Sutton drives the lineman backwards, sheds the blocker, and delivers a strong, square hit and wrap on the running back a foot behind the line of scrimmage.
Here’s another quick-penetrating play outside the right guard on a run play against Wisconsin. If not for the right tackle arriving with the double team on Sutton, the defensive tackle would have greeted the back for a loss.
When the media has asked Sutton to respond to the criticism that he’s not playing to his 2012 standard, the defensive tackle said that he’s doing a better job of maintaining his ground and opponents are unable to run through his gap even when he’s double-teamed. Based on what I’ve seen, Sutton is right.
There are maybe three plays where Wisconsin successfully runs through Sutton’s gap. When they did, the gains weren’t significant. Sutton is strong enough to hold his ground at the line of scrimmage and this is giving his teammates time and room to hold the runner to a minimal gain.
You don’t find that kind of good work in a box score.
Double teams also force a defender to expend more energy. If Sutton were out of shape, he’d lose intensity and sharpness of technique in the second half of games.
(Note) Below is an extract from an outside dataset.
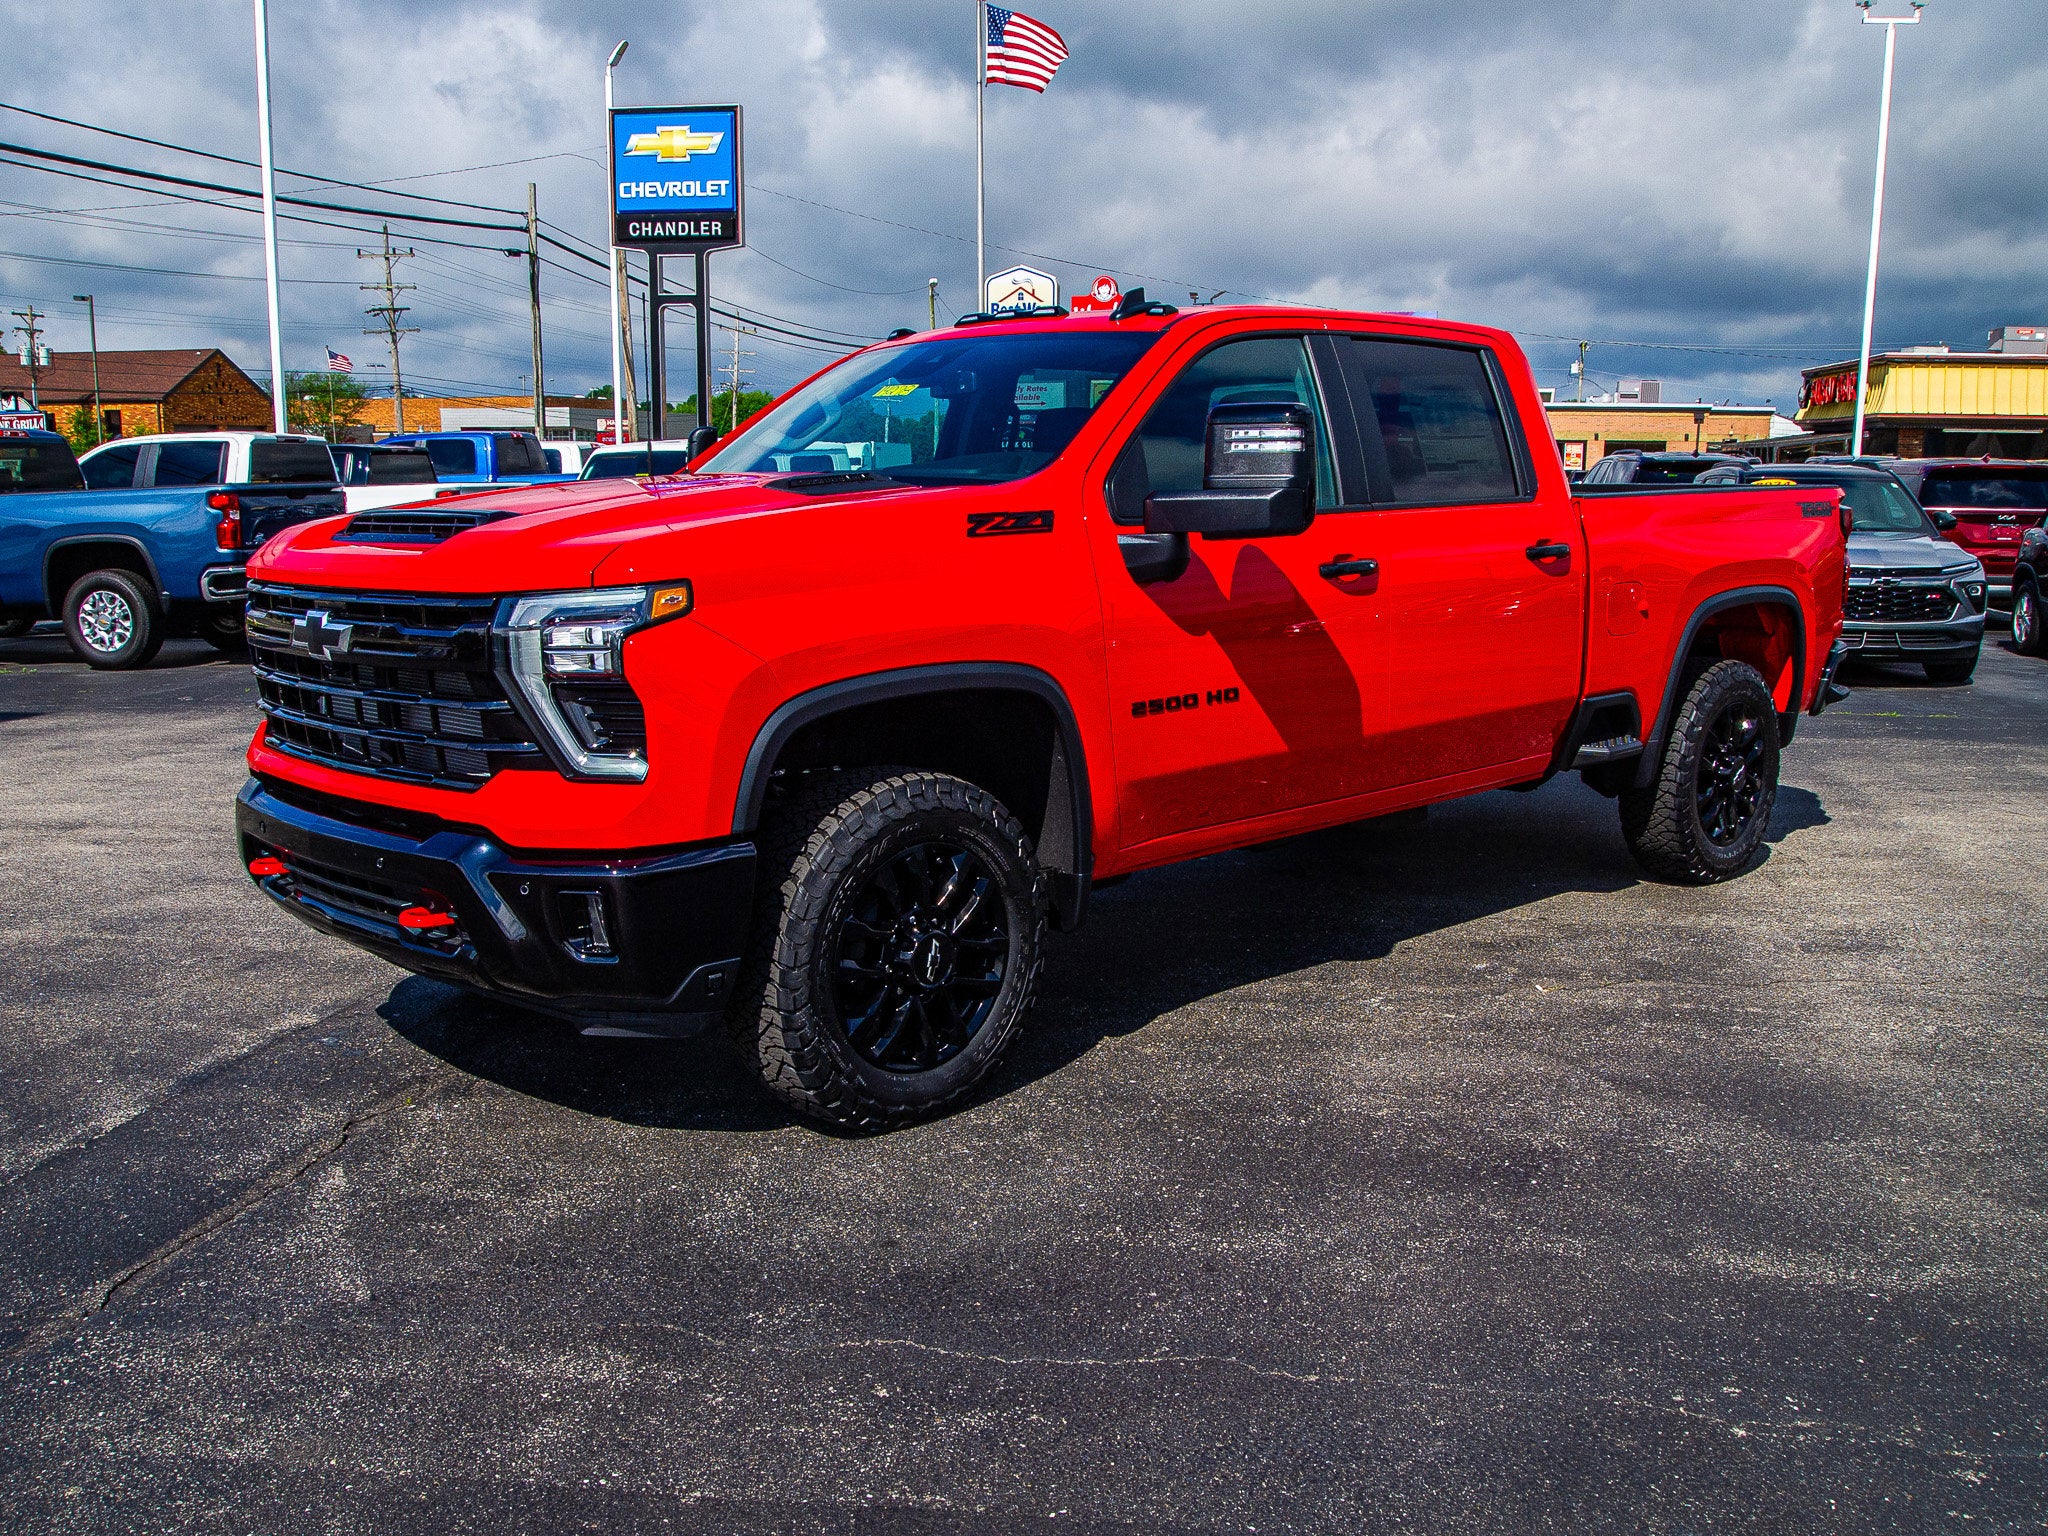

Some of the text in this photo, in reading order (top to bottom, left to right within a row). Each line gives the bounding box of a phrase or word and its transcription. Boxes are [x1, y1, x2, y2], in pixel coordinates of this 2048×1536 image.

I’ve seen nothing to indicate that he’s tired, especially in this final drive in the Wisconsin game where the Badgers are down by two with 1:36 left.
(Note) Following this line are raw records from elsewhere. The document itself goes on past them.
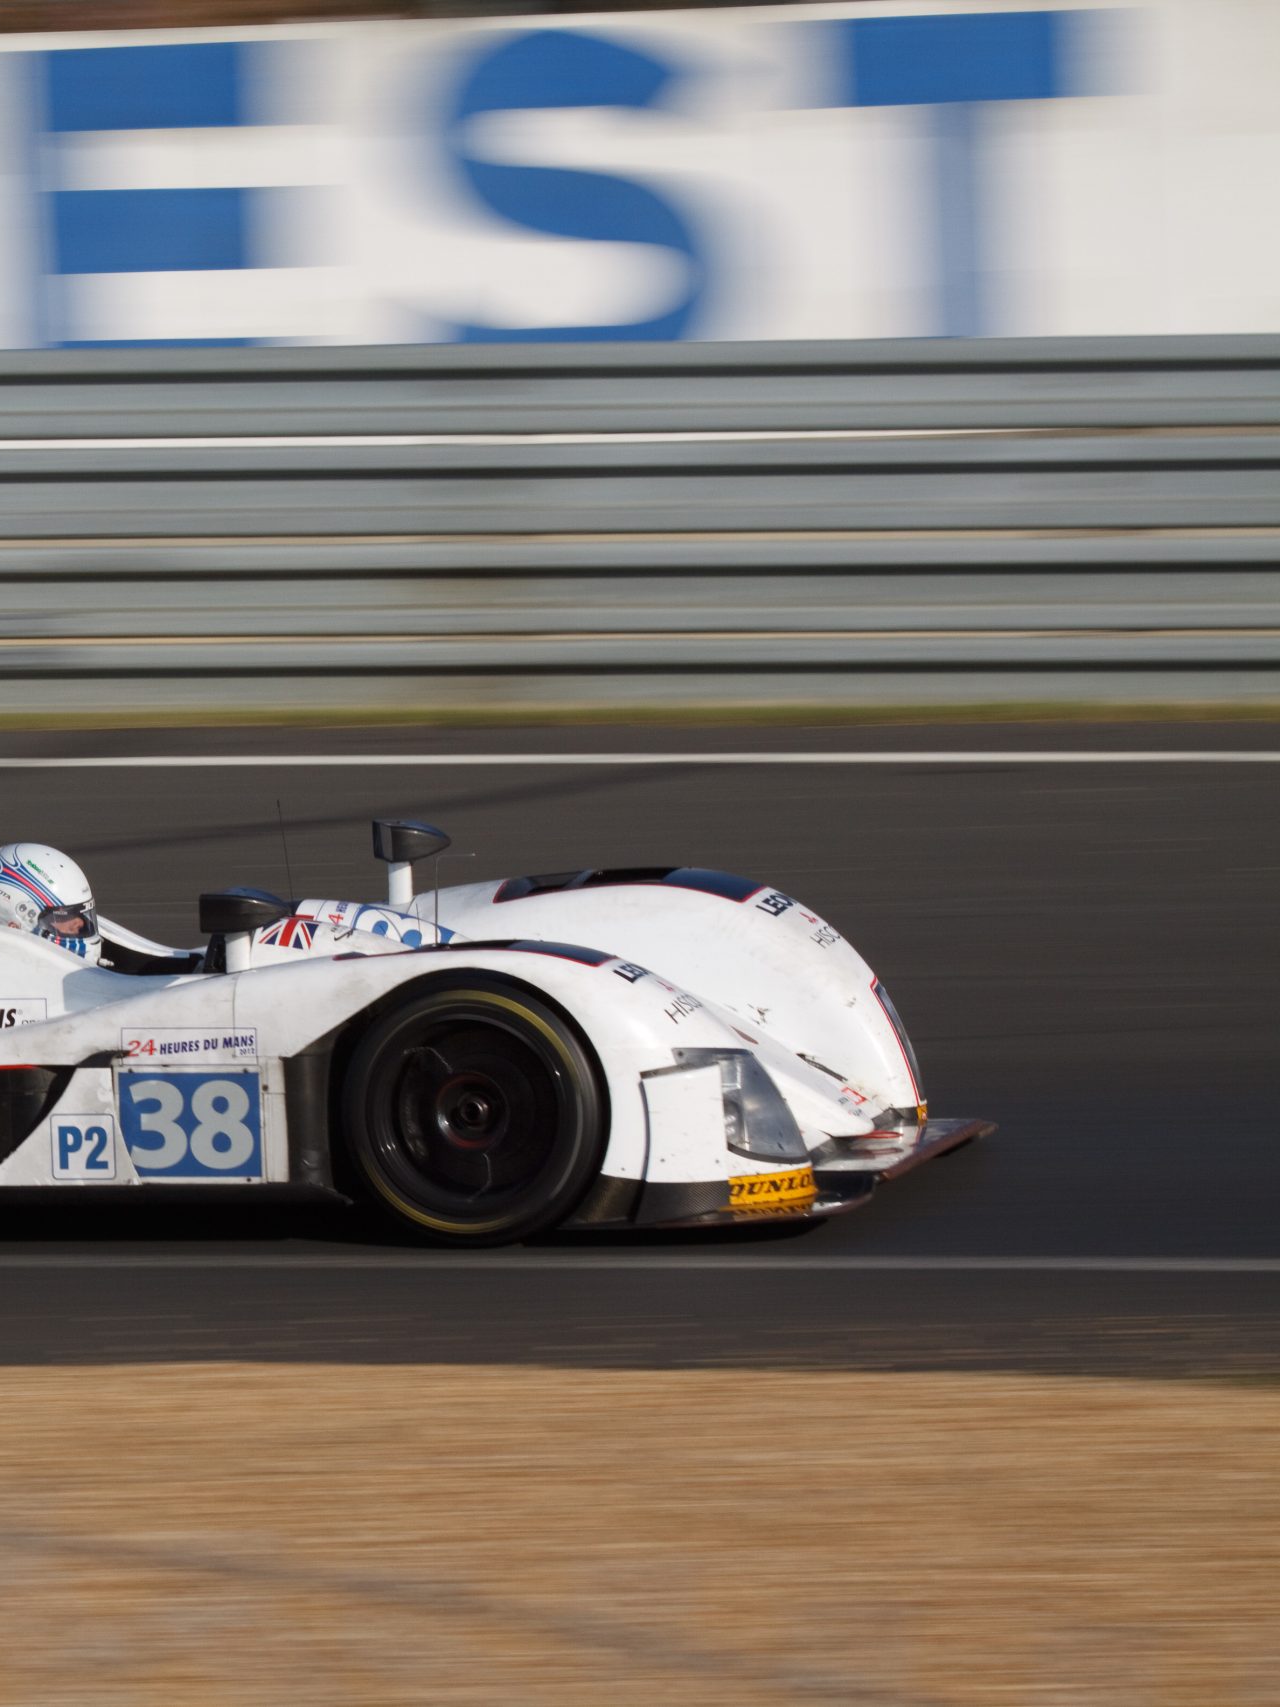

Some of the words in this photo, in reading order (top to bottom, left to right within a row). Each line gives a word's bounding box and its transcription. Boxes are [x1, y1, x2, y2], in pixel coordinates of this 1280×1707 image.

[127, 1039, 157, 1057] 24
[160, 1040, 200, 1055] HEURES
[203, 1038, 218, 1050] DU
[222, 1034, 254, 1049] MANS
[130, 1080, 254, 1170] 38
[58, 1126, 108, 1170] P2
On first-and-10, Sutton works inside the right guard with ease and forces the quarterback to climb the pocket and rush his throw. The guard has to wrap Sutton at the legs to prevent the sack, drawing a holding penalty. Another good play not attributable to him in the box score.
On the next play, Sutton bull rushes the guard to collapse the pocket and then uses a swim move to reach the quarterback and hit the passer’s arm.
The pressure forces the quarterback to check down for a minimal gain with 1:27 left. On third down, Wisconsin reverts to a double team of Sutton and gets a first down. Although Wisconsin loses this game due to a mental mistake at the end of the drive, Sutton had multiple plays in the fourth quarter where he was within a step or a hand’s length of forcing a fumble or generating sack.
It would be disingenuous of me to say these double-teams aren’t slowing Sutton by a step, but if the added weight were a major factor, he wouldn’t have the same intensity to make these plays as close as they were.
Sutton is playing good football. The added weight hasn’t changed his initial quickness, he’s still demonstrating good leverage and a variety of effective techniques with his hands, and he’s making plays on the rare occasions he’s left one-on-one. Moreover, Sutton is sustaining his intensity for 60 minutes.
Unfortunately, some who are writing about Sutton are missing these points that don’t show up in the box score. This is a common mistake I also see with running back evaluations where it’s easy to place too much emphasis on the box score and far less focus on technique, decision-making, and athleticism.
It’s a telltale sign that some people don’t know what to study –- especially if they comment about games they didn’t evaluate of a running back because "they didn’t have room to run." If the plays aren’t working as intended and it skews an evaluator’s ability to evaluate, they aren’t looking at the right things. Sutton is the victim of a similar type of misinformed analysis as a defensive tackle.
While Star Lotlulelei is a bigger, stronger player than Sutton, he didn’t face a single offensive line the caliber of Stanford and Wisconsin when he was at Utah last year. Nor did I see him double-teamed with the same frequency. Sutton may not be a flawless player, but his skill is much closer to a first or second-day pick in April than some characterize.
Author's Note - Here is a comment from @ASUDevilscom to my Twitter account that is worth posting.
Good Sutton article. Agree with it mostly, but I cover ASU for a living and Sutton's weight was inaccurately listed last year. His June weight of 267 was listed during [the] season, but he weighed 280-ish to start the year and 290-295 by the bowl game. That's definite. ASU media relations should have updated it, but didn't and it created a false perception of a 30-plus-pound weight gain that isn't true.